The U.S. economy grew much faster in the third quarter than first estimated, but the latest government report laid bare the vulnerabilities for the recovery as politicians struggle to break the stalemate over government spending and tax policies.
Although the nation’s economic growth rate was revised to a healthier 2.7% for the third quarter from the 2% pace initially estimated, the Commerce Department said consumer and business spending was softer than previously thought.
Company spending on equipment and software fell for the first time since spring 2009. Experts said the drop-off reflected business leaders’ worries about the so-called fiscal cliff — a combination of government spending cuts and higher taxes that begins in January unless Congress acts.
“Uncertainty has a cost,” said Diane Swonk, chief economist at Mesirow Financial in Chicago. Looking at the details of Thursday’s economic report, she noted: “The headline [2.7%] figure is very misleading.”
Growth was driven largely by companies building up inventory and the federal government stepping up its spending, mostly for defense. But those are temporary factors. Stockpiling in one quarter tends to lead a drop in corporate purchases in the next, and the quarterly surge in federal military expenditures was most likely an anomaly.
Without stronger contributions from consumers and businesses, the economy is likely to remain stuck in what has been more than three years of a sluggish recovery. Moreover, cutbacks in business investment are particularly worrisome because they are building blocks for future growth.

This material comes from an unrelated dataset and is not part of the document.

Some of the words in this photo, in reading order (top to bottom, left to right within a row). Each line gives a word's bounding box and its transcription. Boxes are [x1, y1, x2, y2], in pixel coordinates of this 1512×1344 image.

Gross domestic product or the total value of goods and services produced in the nation, expanded on average at an annual rate of about 2% in the first nine months, about where growth has been since the recovery officially began in mid-2009.

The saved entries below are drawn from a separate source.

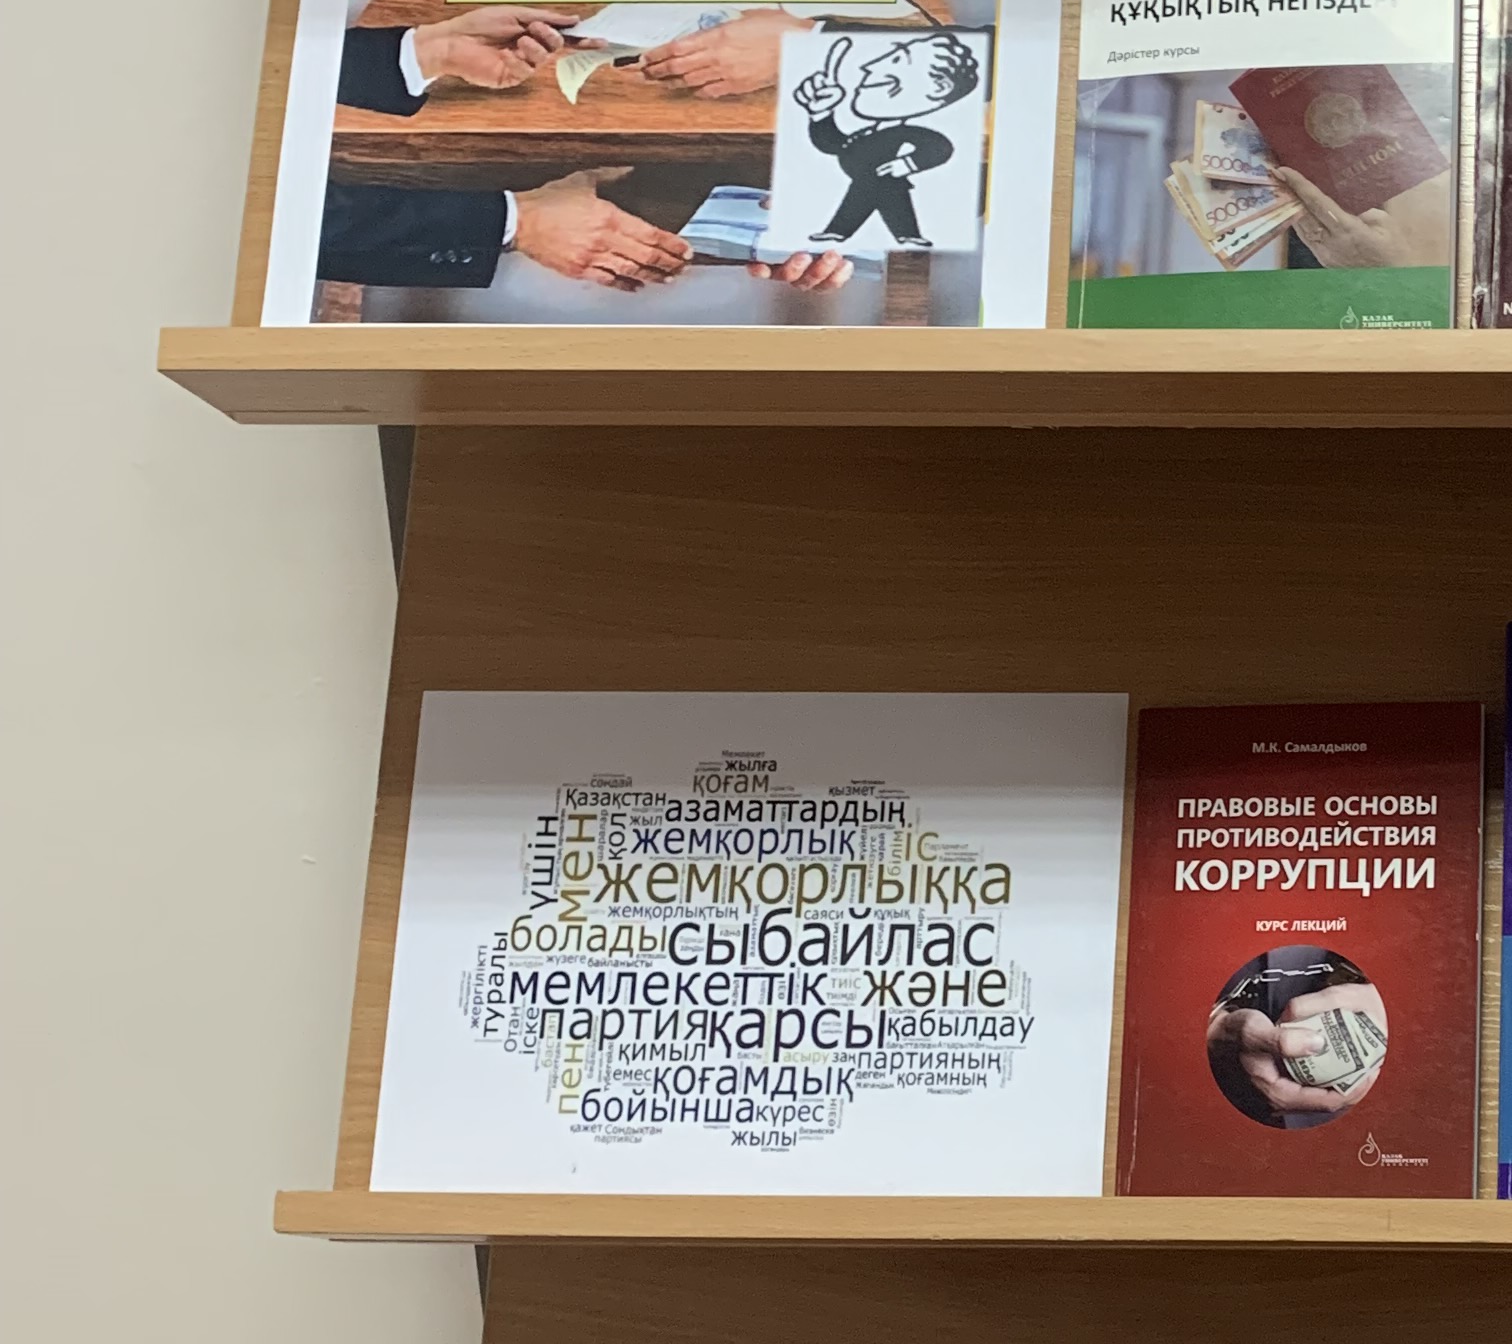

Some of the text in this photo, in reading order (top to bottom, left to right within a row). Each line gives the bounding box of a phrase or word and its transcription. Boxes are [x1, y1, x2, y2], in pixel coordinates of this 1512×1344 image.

[1107, 45, 1200, 64] Дәрістер курсы
[1252, 742, 1281, 753] М.К.
[724, 757, 778, 773] жылға
[565, 788, 666, 810] Қазақстан
[828, 785, 875, 796] қызмет
[1177, 795, 1437, 818] ПРАВОВЫЕ ОСНОВЫ
[665, 798, 906, 828] азаматтардың
[608, 813, 627, 860] қол
[630, 827, 857, 863] жемқорлық
[1177, 821, 1436, 851] ПРОТИВОДЕЙСТВИЯ
[528, 815, 558, 910] үшін
[558, 814, 598, 922] мен
[1175, 858, 1436, 897] КОРРУПЦИИ
[593, 862, 1012, 919] жемқорлыққа
[607, 905, 738, 920] жемқорлықтың
[1255, 918, 1347, 933] КУРС ЛЕКЦИЙ
[511, 914, 667, 958] болады
[668, 907, 995, 967] сыбайлас
[509, 962, 828, 1006] мемлекеттік
[860, 969, 1006, 1006] және
[504, 1006, 520, 1052] Отан
[519, 1008, 540, 1054] іске
[888, 1009, 1034, 1043] қабылдау
[619, 1044, 706, 1064] қимыл
[858, 1050, 1000, 1074] партияның
[558, 1042, 584, 1114] пен
[652, 1065, 855, 1102] қоғамдық
[897, 1071, 987, 1088] қоғамның
[756, 1104, 824, 1126] күрес
[731, 1129, 797, 1147] жылы
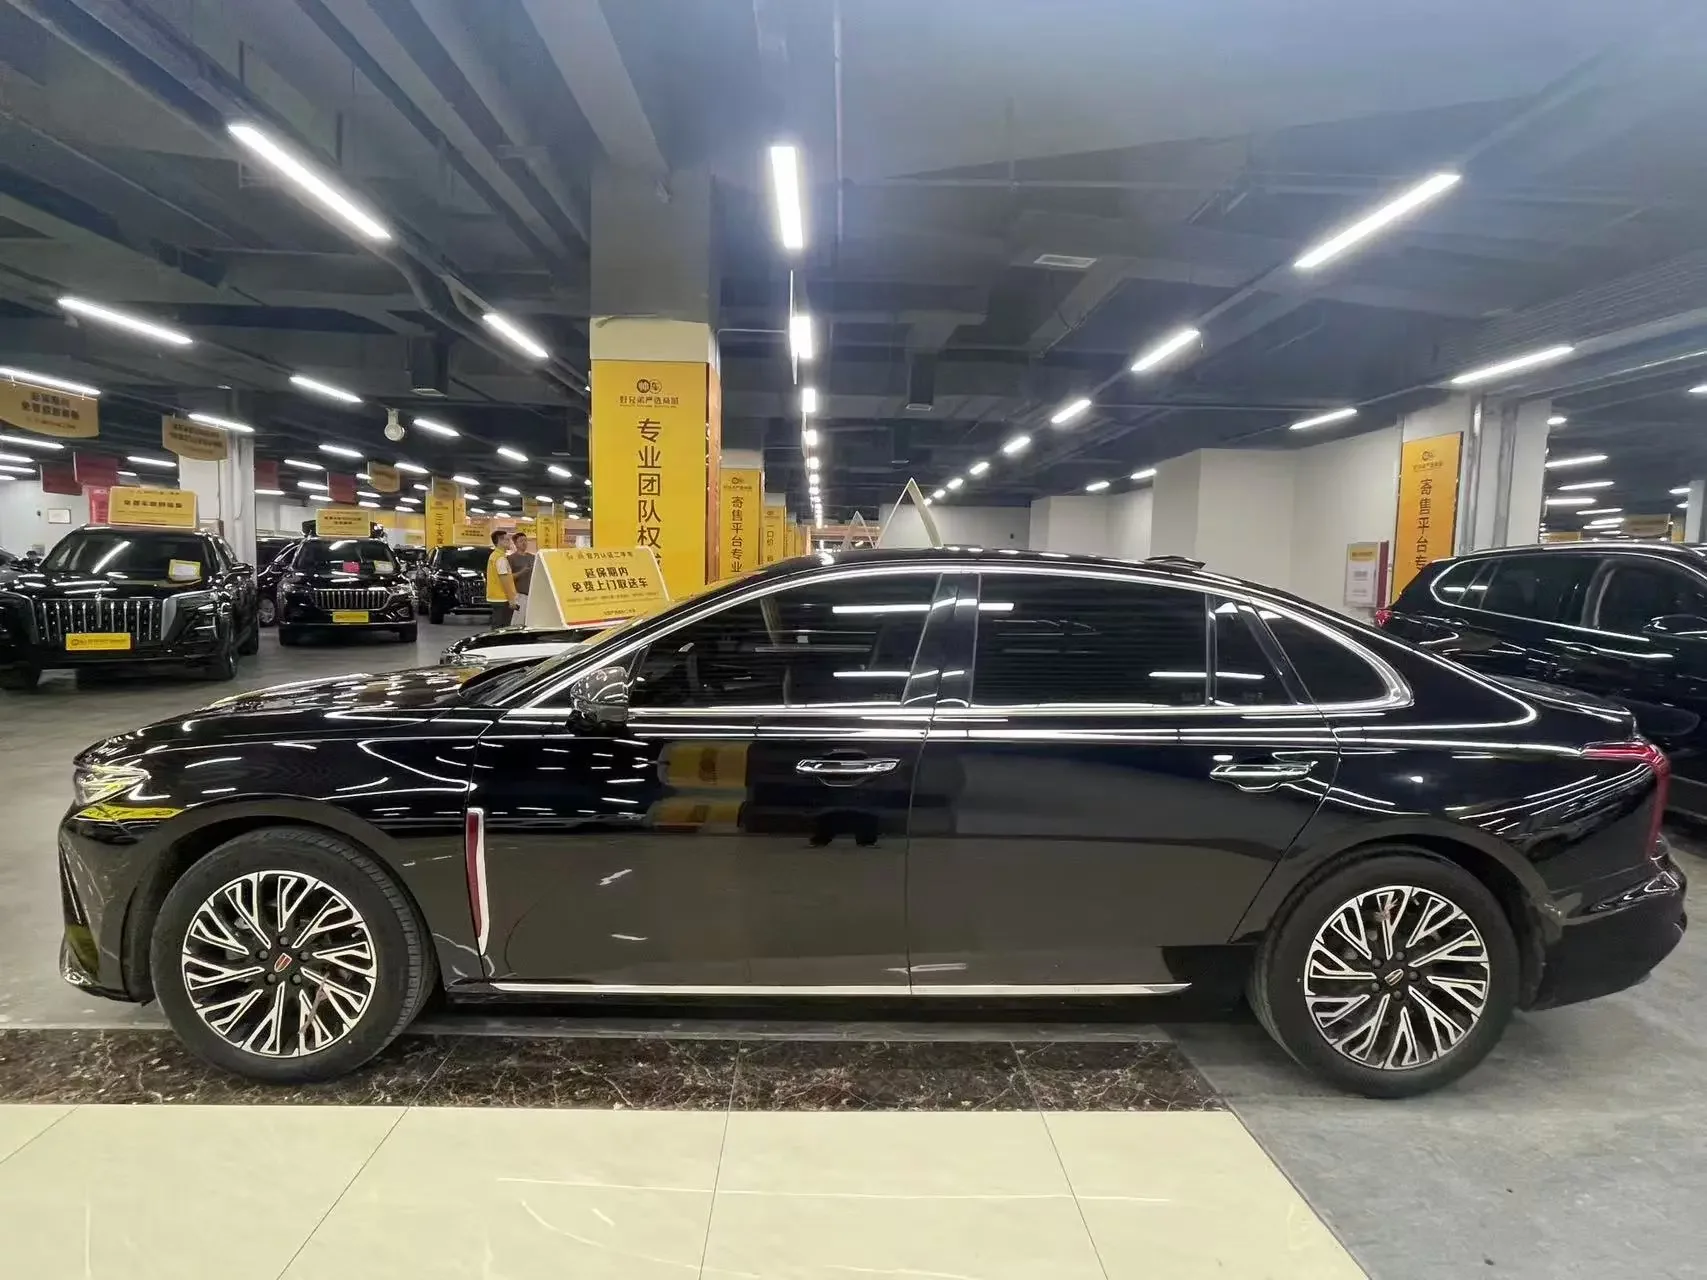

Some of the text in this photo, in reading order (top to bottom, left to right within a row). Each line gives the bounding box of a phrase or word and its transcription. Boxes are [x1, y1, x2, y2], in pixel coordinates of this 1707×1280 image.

At that mediocre pace, the U.S. is unlikely to create jobs fast enough to bring down the current 7.9% unemployment rate any time soon.
Experts widely expect the economy to turn ugly quickly if the country fails to avert the fiscal impasse, which by some estimates would amount to more than $700 billion in federal tax increases and spending reductions next year. If that happens, the economy probably would fall into recession next year, and the unemployment rate could jump back up near double digits.

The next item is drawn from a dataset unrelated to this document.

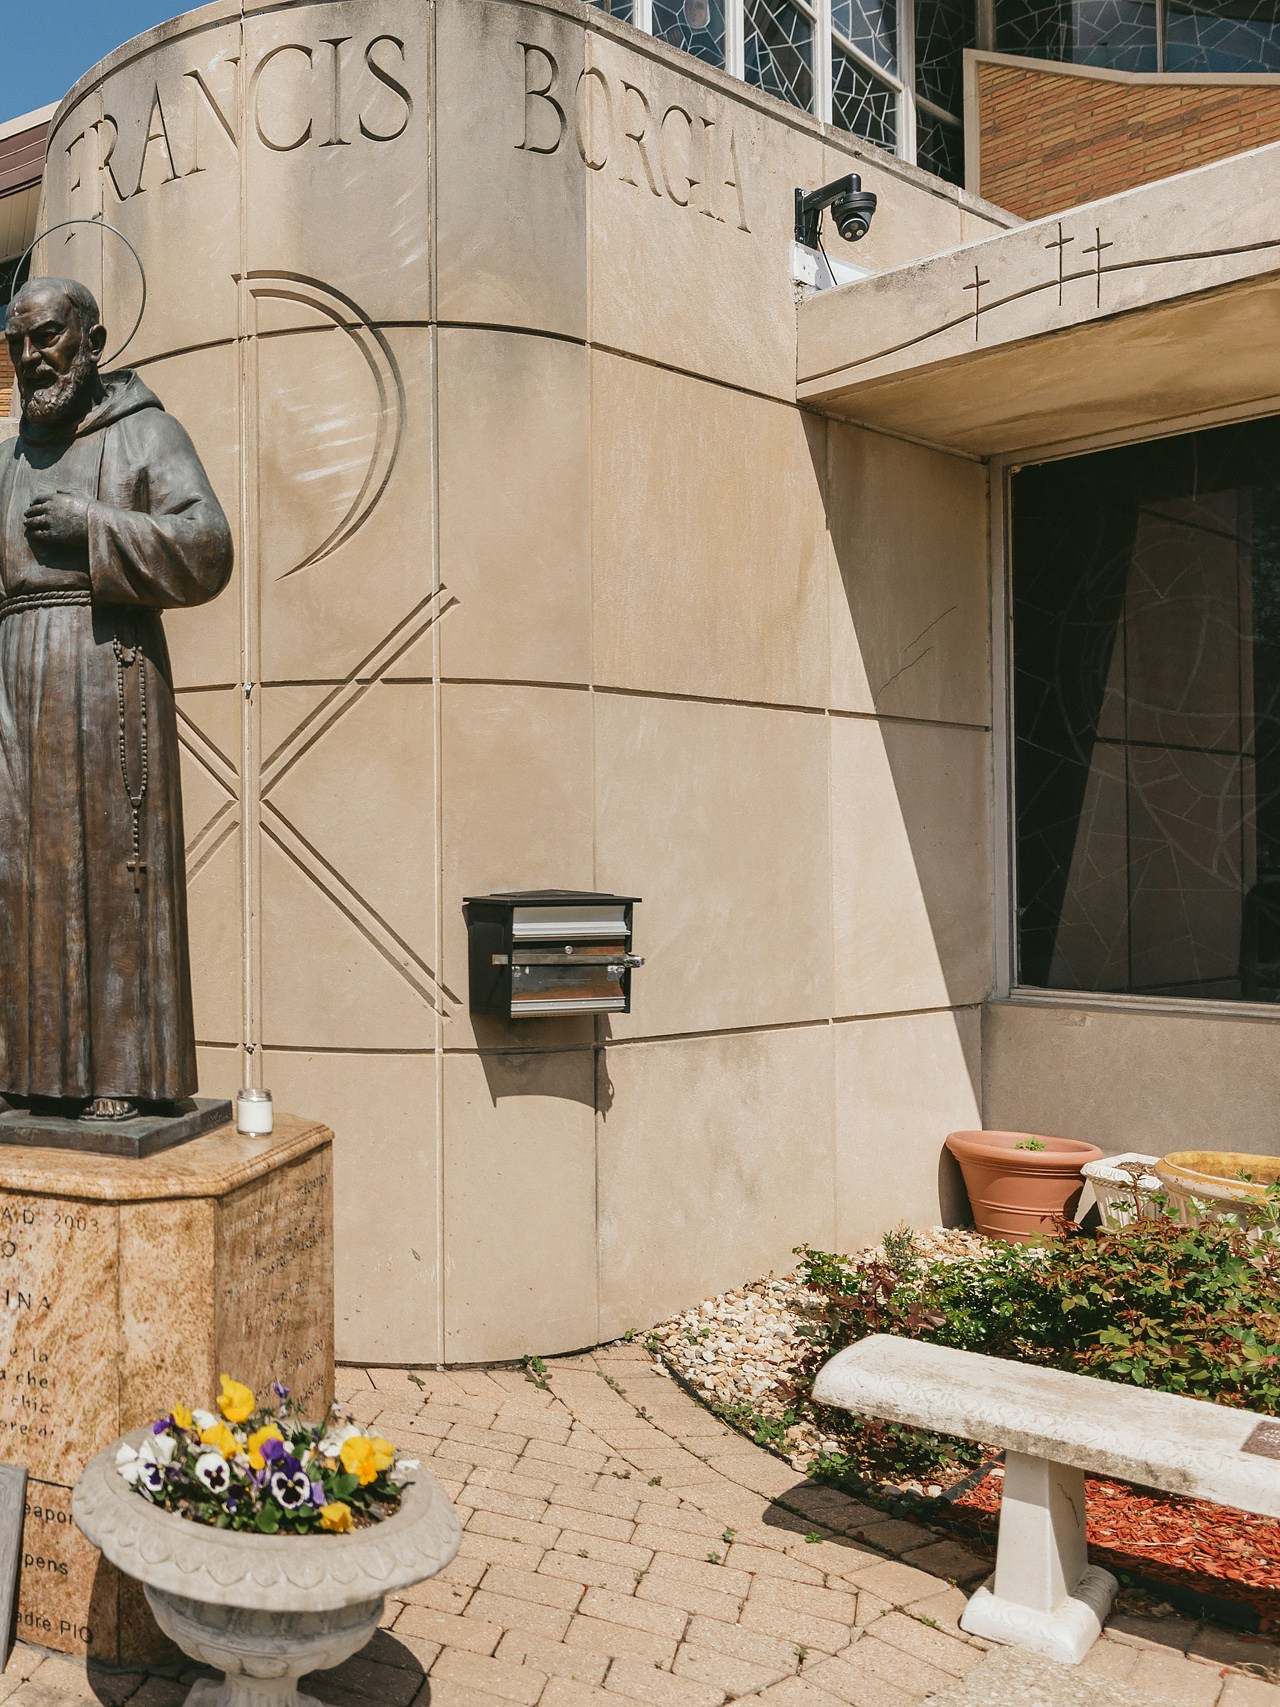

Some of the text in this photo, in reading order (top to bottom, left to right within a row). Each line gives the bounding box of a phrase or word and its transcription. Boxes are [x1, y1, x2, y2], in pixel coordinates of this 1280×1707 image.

But Thursday’s report also showed the underlying potential for the economy to break out of its long funk.
Corporate profits rose 3.5% in the third quarter, the strongest increase this year. The gain was entirely borne by financial institutions, evidence of the strength of the American banking industry.
U.S. corporations in general are in solid financial shape and sitting on some $1.7 trillion in cash, funds that could be unleashed should confidence and demand grow.
The report also indicated that U.S. net exports were stronger than previously thought. Global trade slowed this year amid financial turmoil in Europe and a sharp economic slowdown in China.
But China’s slide in growth appears to have stopped and the Eurozone is showing signs of stabilizing, which could give a boost to U.S. manufacturers and other industries.
At home, the recovering housing market is now clearly adding some juice to the economy. In the third quarter, residential investment rose 14.2% after increasing 8.5% in the second quarter. A separate report Thursday showed that pending home sales in October hit a new two-year high.
Consumer confidence also has been rising since summer and, by some measures, is at a five-year high. Although Thursday’s GDP report showed only modest gains in personal incomes in the third quarter, that too could rise if businesses step up their restrained hiring in anticipation of stronger demand.
“Remove that fiscal cliff anchor and you have an economic engine that is raring to bounce back,” Bernard Baumohl, an economist at the Economic Outlook Group in Princeton, N.J., wrote in a research note Thursday.
For the last three months of the year, many analysts expect lackluster economic growth. Most are projecting GDP to advance 1% to 2%, in part because of the earlier inventory buildup and caution over the fiscal impasse. But the projections for next year range from a decline in GDP to an increase as high as 3.5%.
In a report this week, economists at Moody’s Analytics, a research firm in West Chester, Pa., laid out three scenarios for the economy based on what happens with the fiscal impasse.
If policymakers kick the can down the road, delaying for months or a year all the tax hikes and government spending cuts, the economy would grow a solid 3.1% next year but more slowly over the long range because the country would eventually have to pay the cost of running unsustainably high budget deficits, Moody’s economists said.
Should policymakers agree to reduce the amount of pending tax increases and fiscal cuts significantly and strike a deal on the debt ceiling, the economy would grow 2% next year but then accelerate to double that rate in 2014 and 2015.
The darkest near-term picture, of course, is if all the tax increases and fiscal contraction occur. While that would slash the deficit, GDP also would be sliced by $555 billion, or 3.4%, next year as businesses, consumers and investors pull back. That would trigger at least a mild recession and higher unemployment — and possibly much worse.
“Fiscal sustainability would ultimately be achieved, but at a great cost,” they said.